Material for this exercise.
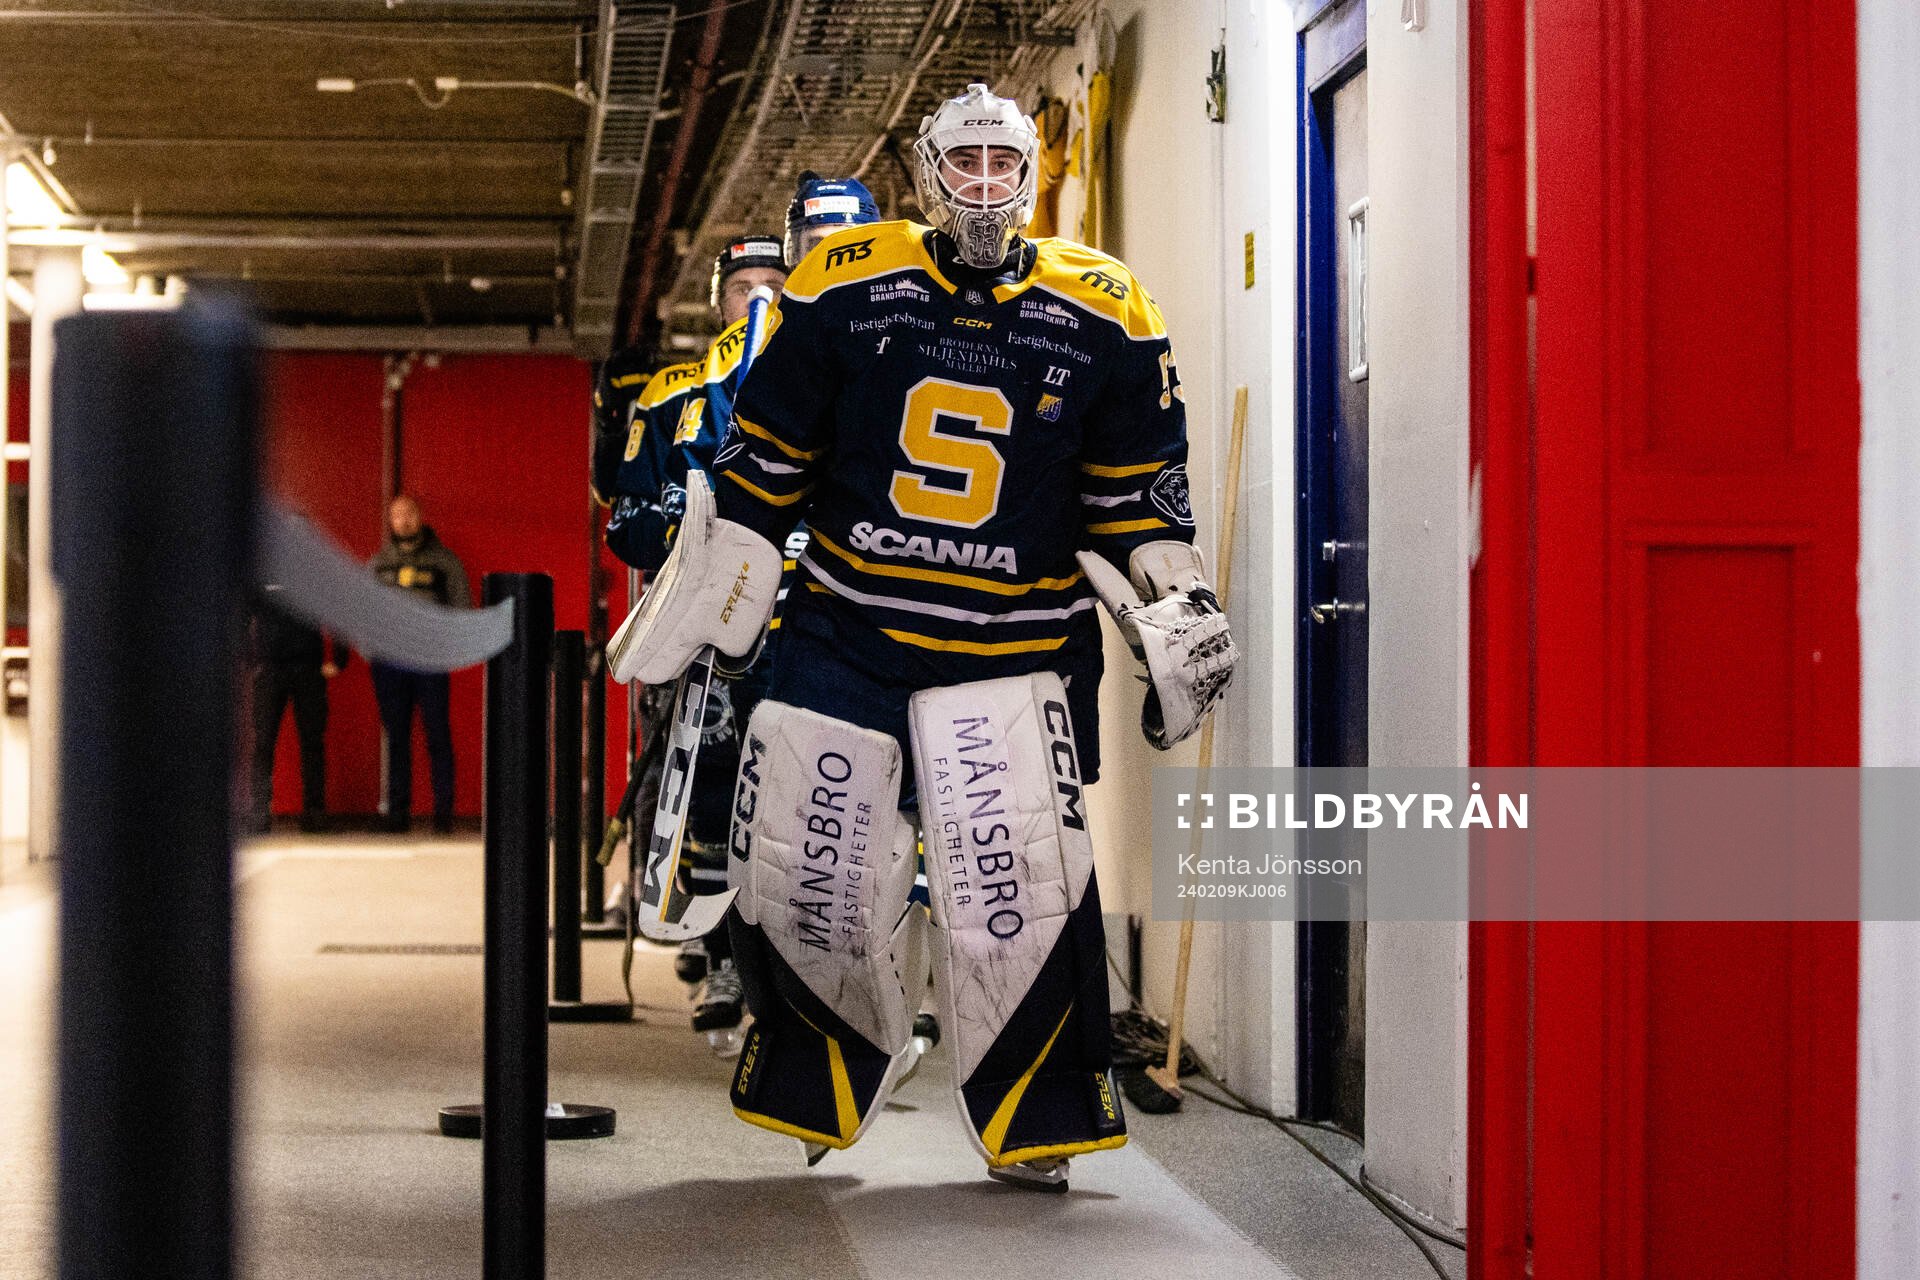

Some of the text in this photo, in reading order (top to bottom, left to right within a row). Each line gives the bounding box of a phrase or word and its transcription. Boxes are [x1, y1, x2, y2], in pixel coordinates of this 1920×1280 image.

[963, 119, 1004, 127] CCM
[967, 219, 1001, 262] 53
[870, 282, 894, 294] STÅL &
[870, 290, 930, 302] BRANDTEKNIK AB
[1038, 302, 1045, 311] &
[953, 317, 993, 330] CCM
[1019, 310, 1079, 330] BRANDTEKNIK AB
[918, 343, 1018, 371] SILJENDAHLS
[1042, 365, 1071, 387] LT
[624, 419, 646, 462] 8
[888, 375, 1015, 530] S
[849, 521, 1018, 575] SCANIA
[1043, 699, 1085, 832] CCM
[731, 732, 767, 863] CCM
[932, 757, 972, 907] FASTIGHETER
[952, 716, 1024, 939] MÅNSBRO
[787, 751, 852, 953] MÅNSBRO
[842, 801, 873, 934] FASTIGHETER
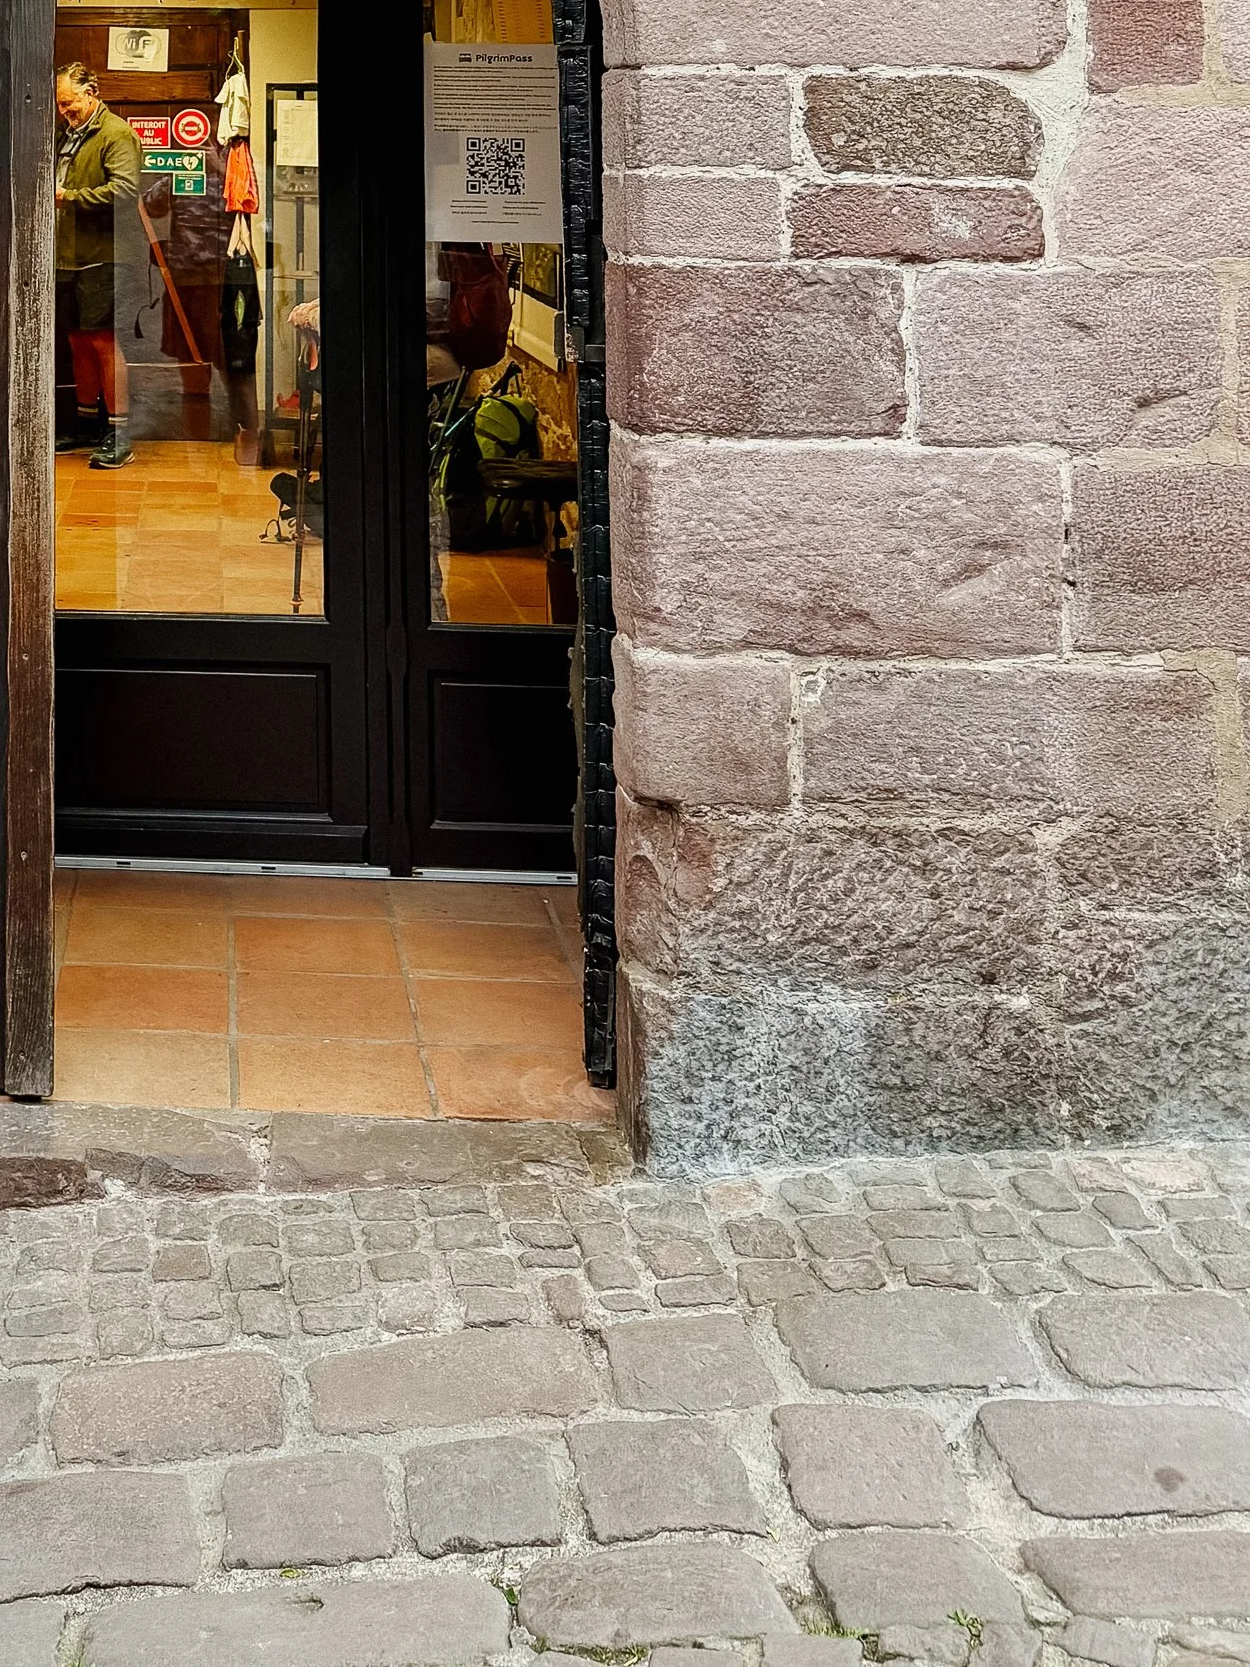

Task.
If a record holds a picture, leave the picture out, but repeat every line exactly.

Answer to this exercise.
Some of the text in this photo, in reading order (top to bottom, left to right within a row). Each line gives the bounding box of a phrase or word and its transcription. Boxes are [x1, y1, x2, y2], in pixel coordinates of this 1920×1280 image.

[963, 119, 1004, 127] CCM
[967, 219, 1001, 262] 53
[870, 282, 894, 294] STÅL &
[870, 290, 930, 302] BRANDTEKNIK AB
[1038, 302, 1045, 311] &
[953, 317, 993, 330] CCM
[1019, 310, 1079, 330] BRANDTEKNIK AB
[918, 343, 1018, 371] SILJENDAHLS
[1042, 365, 1071, 387] LT
[624, 419, 646, 462] 8
[888, 375, 1015, 530] S
[849, 521, 1018, 575] SCANIA
[1043, 699, 1085, 832] CCM
[731, 732, 767, 863] CCM
[932, 757, 972, 907] FASTIGHETER
[952, 716, 1024, 939] MÅNSBRO
[787, 751, 852, 953] MÅNSBRO
[842, 801, 873, 934] FASTIGHETER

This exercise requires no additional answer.